Wendy Bradshaw has multiple degrees, including a doctorate, and years of experience in education, but she said she'd rather quit her job than have to teach her students from Florida's current curriculum for the public school system.
Bradshaw, of Lakeland, Florida, recently resigned from her position as a special education teacher at the R. Bruce Wagner Elementary School after she said she was fed up with a curriculum that she believes is failing her students.
The teacher shared her official letter of resignation on her Facebook page, where she described in detail how her disappointment with her state's public school system's current curriculum has overpowered her love for teaching.
"Like many other teachers across the nation, I have become more and more disturbed by the misguided reforms taking place which are robbing my students of a developmentally appropriate education," Bradshaw wrote.
Bradshaw's Facebook post has now been shared over 60,000 times and has received over 10,000 comments.
Bradshaw explained to ABC News today that she posted the letter of resignation to her Facebook page because she was frustrated that she wasn't able to air her grievances with the school system any other way.
"[When I quit] there was no exit or impact survey or anything like that -- they just closed the door," Bradshaw said. "I felt like no one at the school cared why I was leaving, but I had no idea so many people would react to my post and say that they felt the same way."

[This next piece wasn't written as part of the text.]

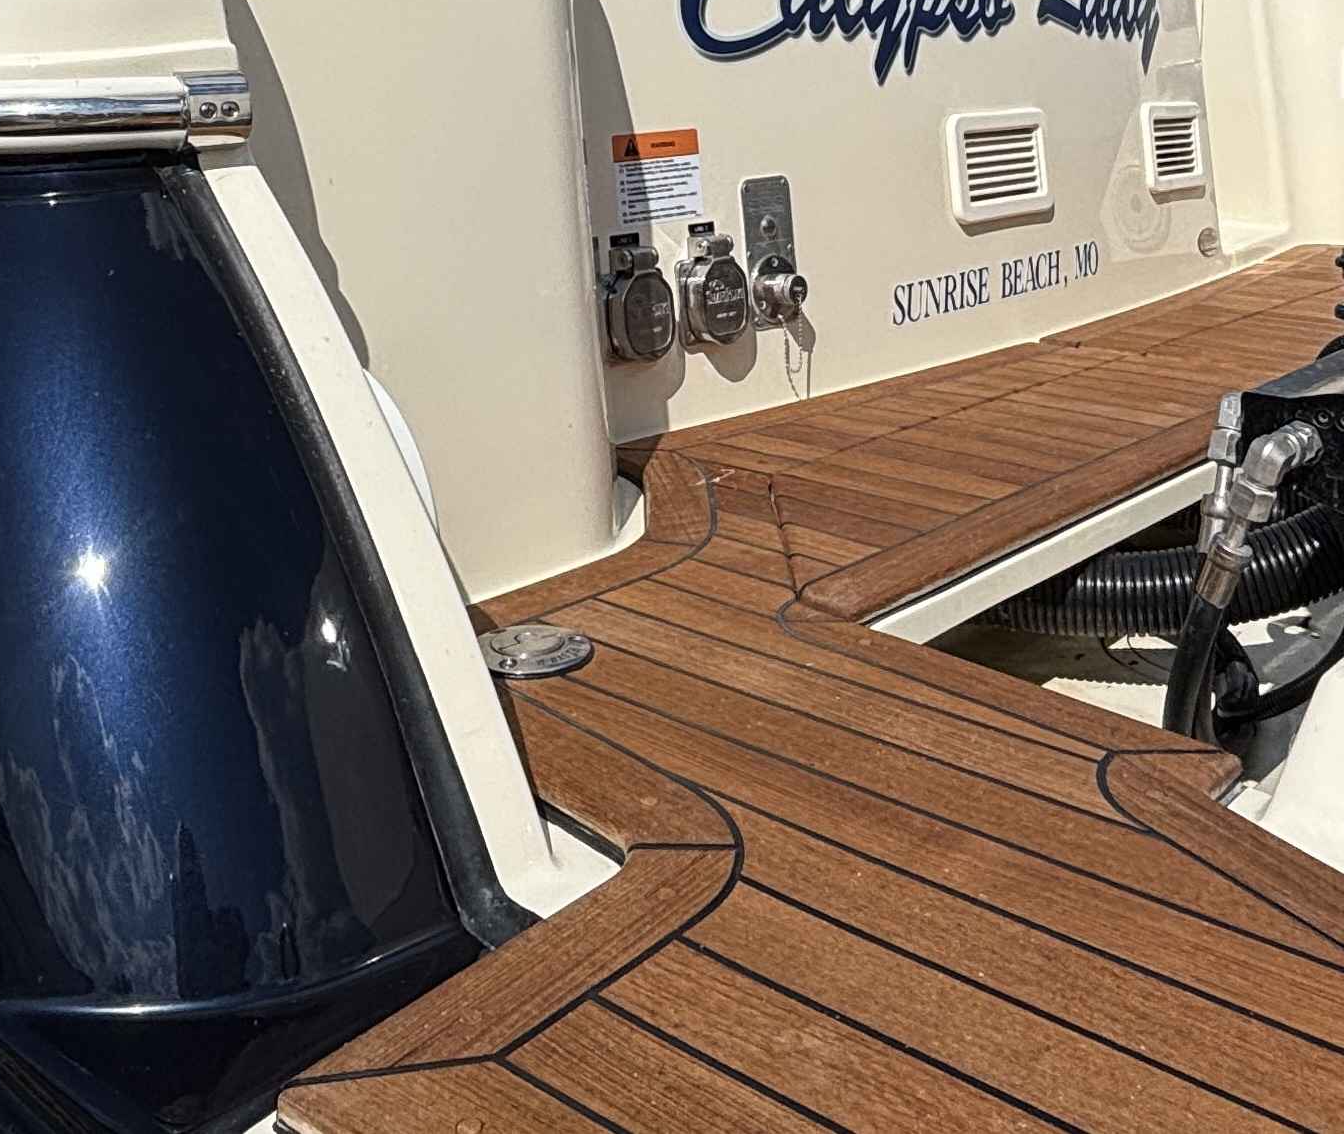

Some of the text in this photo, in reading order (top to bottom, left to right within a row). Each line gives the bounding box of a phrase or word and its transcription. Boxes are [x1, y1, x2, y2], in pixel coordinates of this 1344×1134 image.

Bradshaw, who has been a teacher for seven years and spent 14 years working towards her education degrees, explained that she had previously tried to speak with school administrators about her issues with the curriculum, including her issues with the state's standardized testing, saying, "I tried to do what I could within the system."
"I would go to my administration and say 'We’re not doing what’s best for the children anymore,' and the answer was always 'Sorry, but you have to do it this way,'" Bradshaw said.
This past June, Bradshaw gave birth to her daughter Meredith, and she credits becoming a mother as the catalyst that made her really re-evaluate her involvement in the public school system.
Ultimately, Bradshaw realized she could not support something she would not want her daughter to be a part of.
"I will not subject my child to this disordered system, and I can no longer in good conscience be a part of it myself," Bradshaw wrote in her resignation letter.
Bradshaw revealed that a week after her Facebook post went viral, she attended a Florida State Board of Education meeting, where she said the board members barely looked up from their phones as parents and teachers spoke out against the curriculum.
"They were more interested in looking at their phones then listening to the people," Bradshaw said.
A media relations representative of the Polk County Public Schools released a statement in response to Bradshaw's open letter of resignation, saying that the school is "aware of Ms. Bradshaw’s resignation," but "will not be doing any interviews regarding this personnel matter or her decision."
"We understand [Bradshaw's] frustration over trying to delicately balance mandates, other instructional priorities and most importantly, the needs of each child. Teachers strive for an effective balance every day to positively impact their students. As the State of Florida moves forward on accountability, we hope the process is thoughtful, equitable and balanced. We appreciate the six years [Bradshaw] gave to our school district, and we wish her success in her future endeavors," read the statement.